+++ Records provided

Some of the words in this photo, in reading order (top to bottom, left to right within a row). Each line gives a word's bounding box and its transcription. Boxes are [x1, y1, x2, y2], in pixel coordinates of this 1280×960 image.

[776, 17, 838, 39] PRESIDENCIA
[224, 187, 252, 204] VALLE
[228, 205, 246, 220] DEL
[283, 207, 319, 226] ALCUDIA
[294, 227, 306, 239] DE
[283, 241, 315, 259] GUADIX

++++++

Your goal
All the lines above must appear again in the answer, word for word.

Output for this task
Some of the words in this photo, in reading order (top to bottom, left to right within a row). Each line gives a word's bounding box and its transcription. Boxes are [x1, y1, x2, y2], in pixel coordinates of this 1280×960 image.

[776, 17, 838, 39] PRESIDENCIA
[224, 187, 252, 204] VALLE
[228, 205, 246, 220] DEL
[283, 207, 319, 226] ALCUDIA
[294, 227, 306, 239] DE
[283, 241, 315, 259] GUADIX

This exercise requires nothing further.